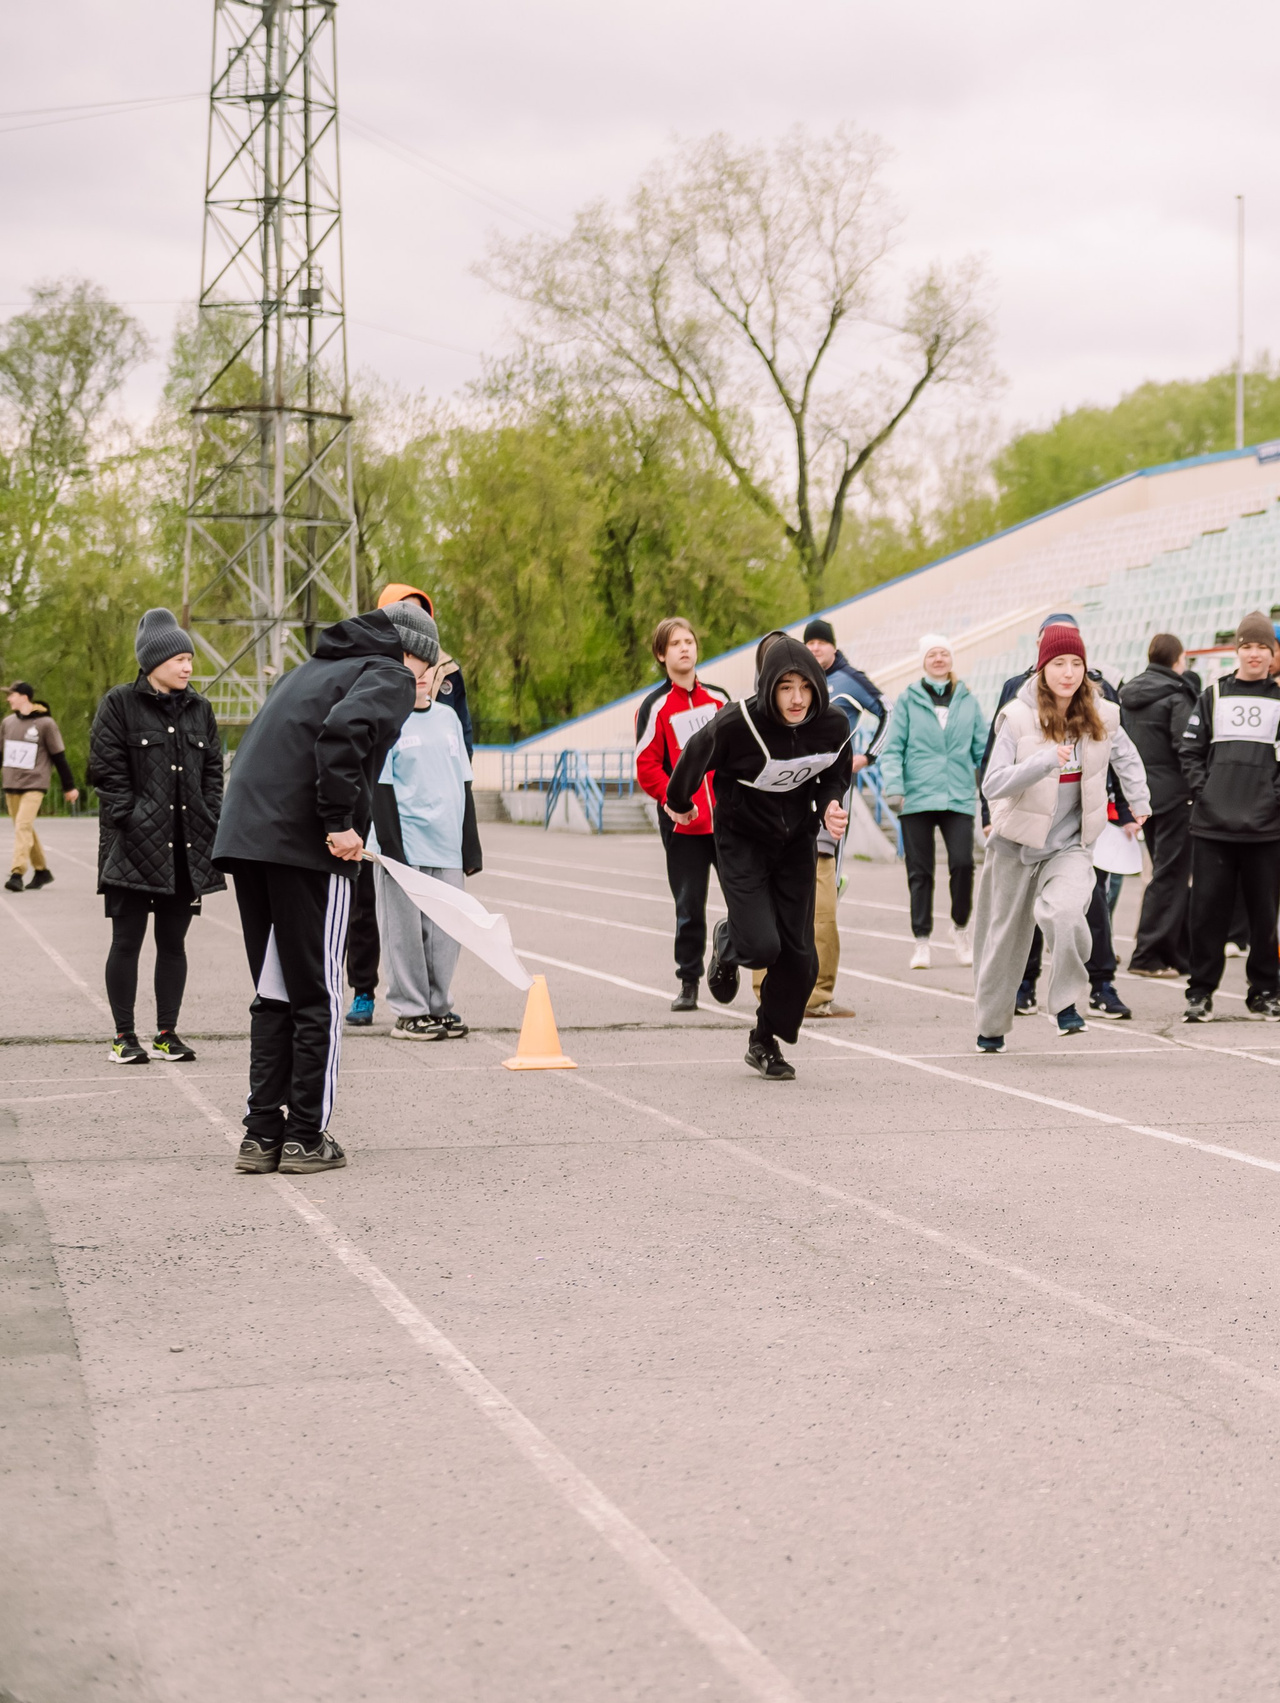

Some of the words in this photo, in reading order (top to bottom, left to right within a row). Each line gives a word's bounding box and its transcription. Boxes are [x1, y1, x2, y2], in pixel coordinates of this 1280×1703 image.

[1231, 705, 1261, 727] 38
[9, 750, 28, 764] 47
[771, 767, 812, 786] 20
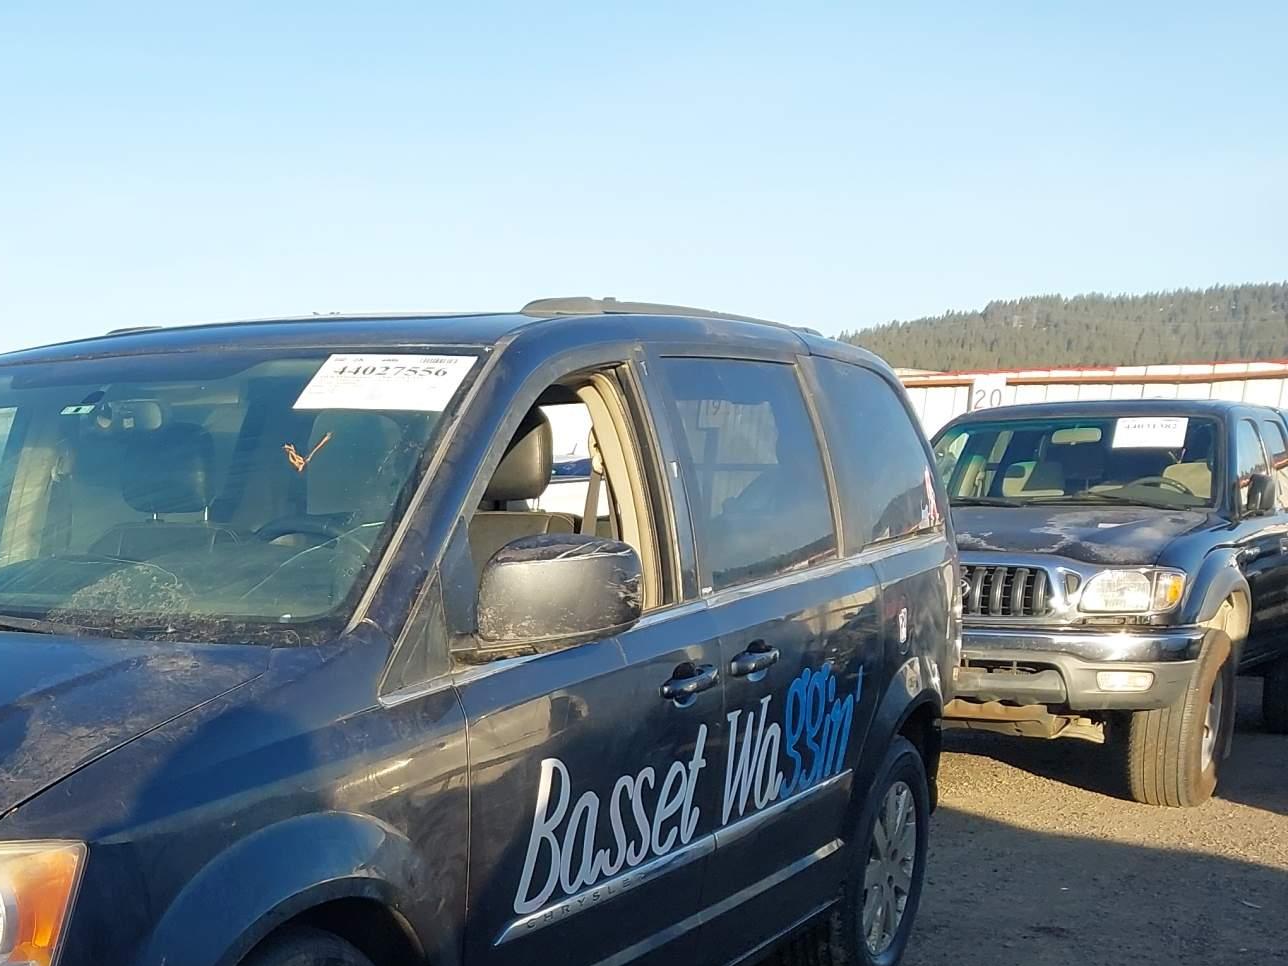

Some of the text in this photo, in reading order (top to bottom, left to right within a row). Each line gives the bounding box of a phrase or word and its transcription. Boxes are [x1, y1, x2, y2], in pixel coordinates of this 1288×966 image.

[333, 365, 449, 378] 44027556
[974, 388, 1002, 410] 20
[514, 723, 707, 914] Basset
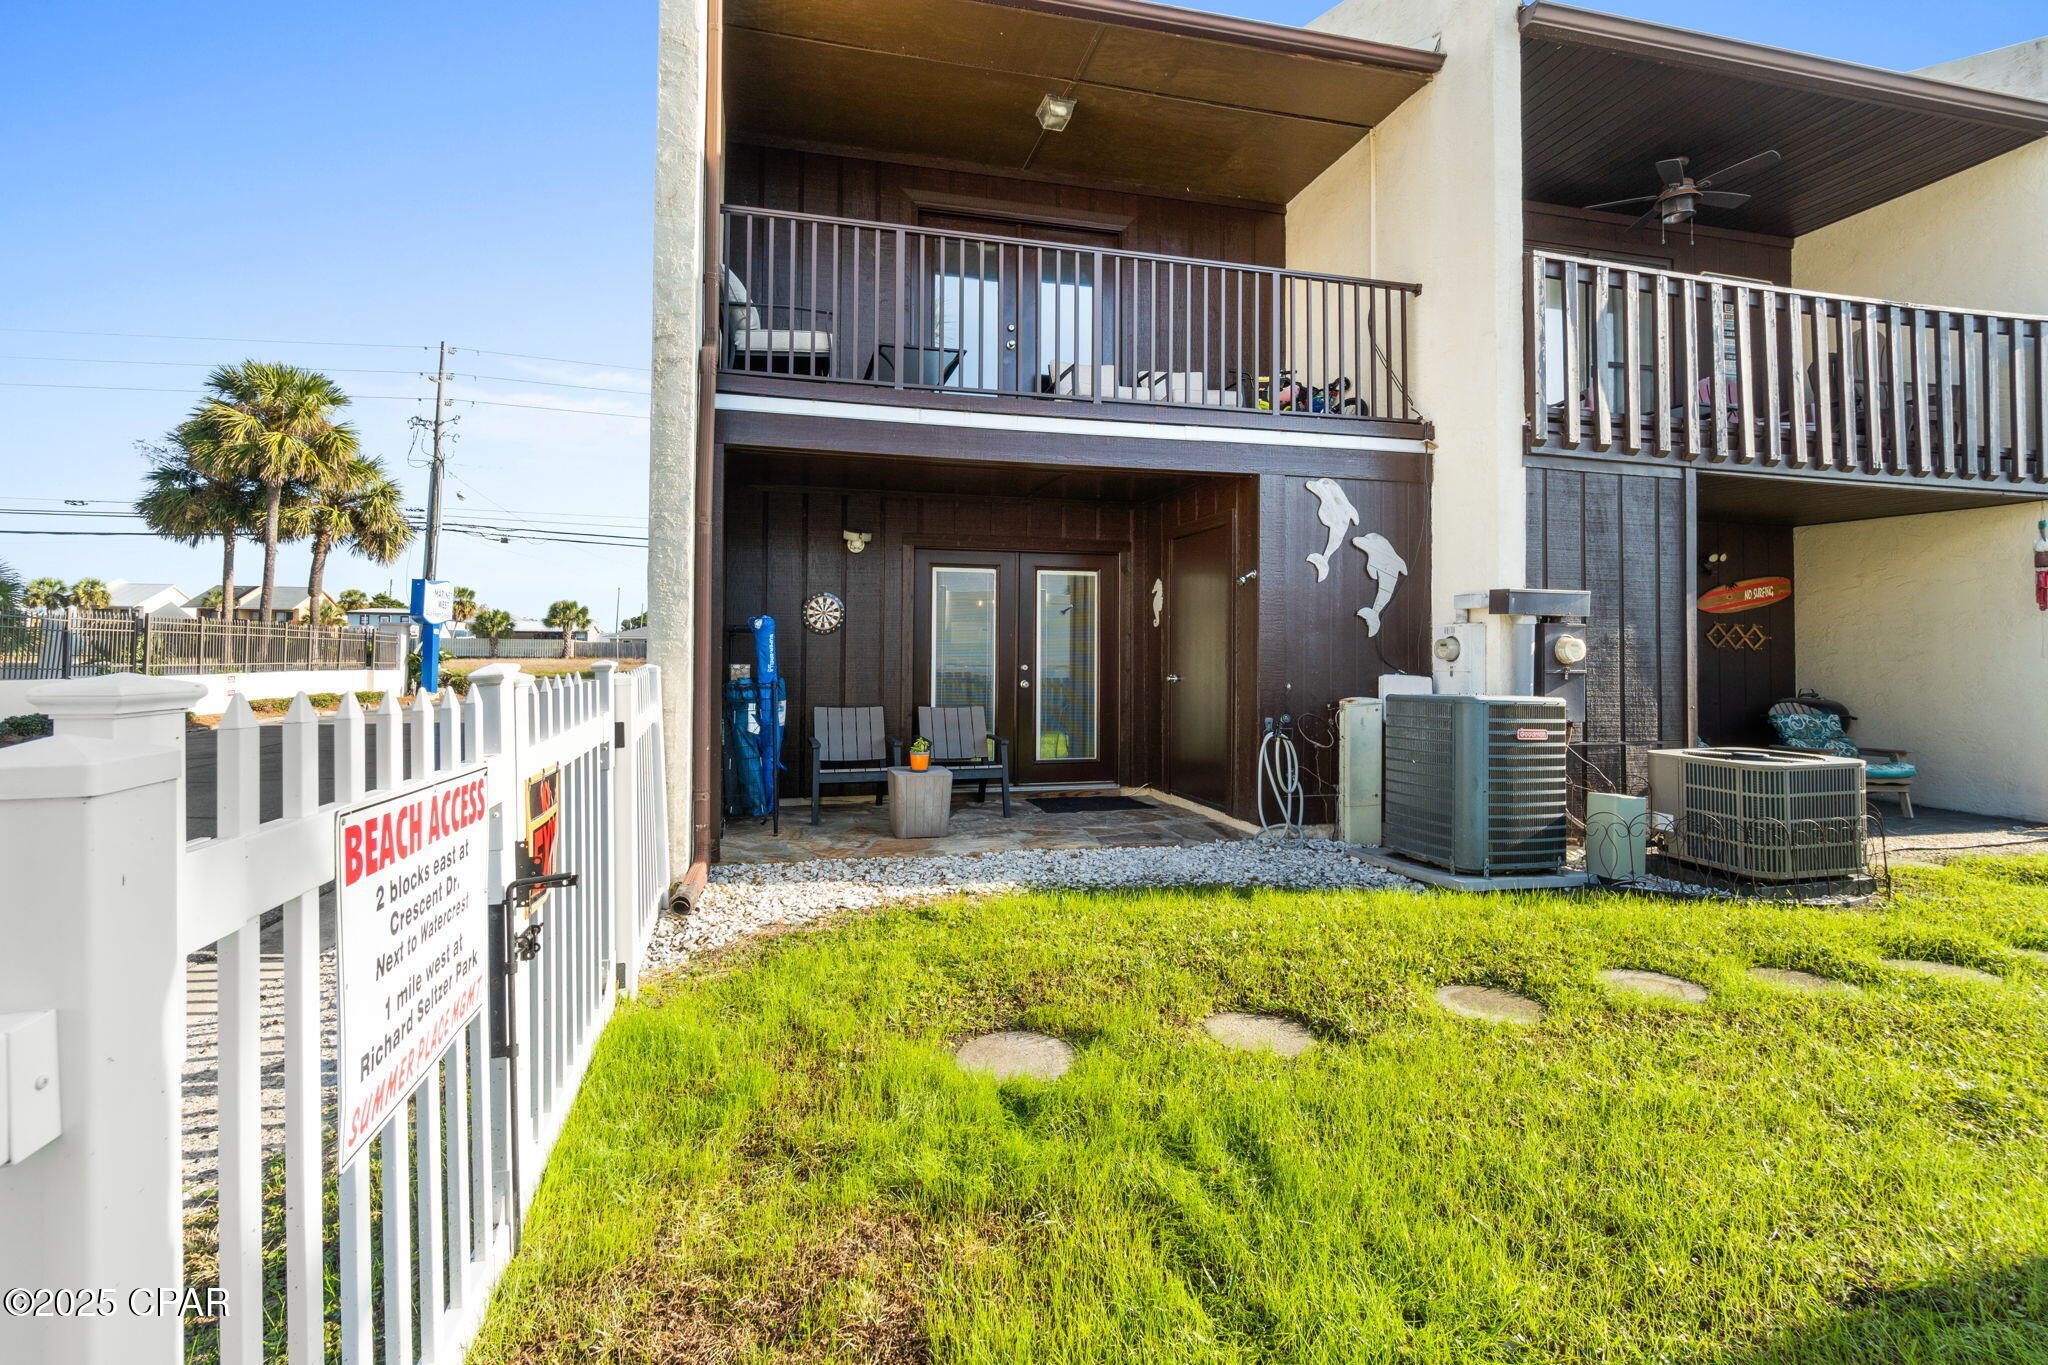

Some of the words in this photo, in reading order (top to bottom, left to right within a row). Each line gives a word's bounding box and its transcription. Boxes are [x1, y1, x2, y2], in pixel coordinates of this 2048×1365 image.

[1744, 589, 1752, 601] NO
[1753, 585, 1774, 599] SURFING
[345, 801, 422, 887] BEACH
[428, 778, 485, 845] ACCESS
[376, 885, 384, 912] 2
[390, 865, 430, 903] blocks
[433, 846, 456, 875] east
[459, 839, 469, 863] at
[376, 941, 404, 981] Next
[407, 935, 417, 956] to
[421, 891, 469, 944] Watercrest
[390, 882, 442, 935] Crescent
[446, 875, 460, 897] Dr.
[360, 1009, 413, 1083] Richard
[417, 975, 452, 1022] Seltzer
[456, 949, 478, 982] Park
[385, 996, 391, 1020] 1
[397, 974, 422, 1011] mile
[426, 944, 450, 982] west
[453, 933, 463, 957] at
[348, 1048, 414, 1147] SUMMER
[417, 1008, 450, 1070] PLACE
[451, 975, 482, 1028] MGMT

⁂

_Task directions_
Give back the material above exactly as it appears, minus the pictures.

_Problem solution_
Some of the words in this photo, in reading order (top to bottom, left to right within a row). Each line gives a word's bounding box and its transcription. Boxes are [x1, y1, x2, y2], in pixel coordinates of this 1280×1703 image.

[1231, 705, 1261, 727] 38
[9, 750, 28, 764] 47
[771, 767, 812, 786] 20

Some of the text in this photo, in reading order (top to bottom, left to right within a row). Each line gives the bounding box of a phrase or word and its transcription. Boxes are [x1, y1, x2, y2], in pixel coordinates of this 1288×966 image.

[333, 365, 449, 378] 44027556
[974, 388, 1002, 410] 20
[514, 723, 707, 914] Basset

Some of the words in this photo, in reading order (top to bottom, left to right within a row). Each line gives a word's bounding box and its transcription. Boxes are [x1, y1, x2, y2], in pixel coordinates of this 2048×1365 image.

[1744, 589, 1752, 601] NO
[1753, 585, 1774, 599] SURFING
[345, 801, 422, 887] BEACH
[428, 778, 485, 845] ACCESS
[376, 885, 384, 912] 2
[390, 865, 430, 903] blocks
[433, 846, 456, 875] east
[459, 839, 469, 863] at
[376, 941, 404, 981] Next
[407, 935, 417, 956] to
[421, 891, 469, 944] Watercrest
[390, 882, 442, 935] Crescent
[446, 875, 460, 897] Dr.
[360, 1009, 413, 1083] Richard
[417, 975, 452, 1022] Seltzer
[456, 949, 478, 982] Park
[385, 996, 391, 1020] 1
[397, 974, 422, 1011] mile
[426, 944, 450, 982] west
[453, 933, 463, 957] at
[348, 1048, 414, 1147] SUMMER
[417, 1008, 450, 1070] PLACE
[451, 975, 482, 1028] MGMT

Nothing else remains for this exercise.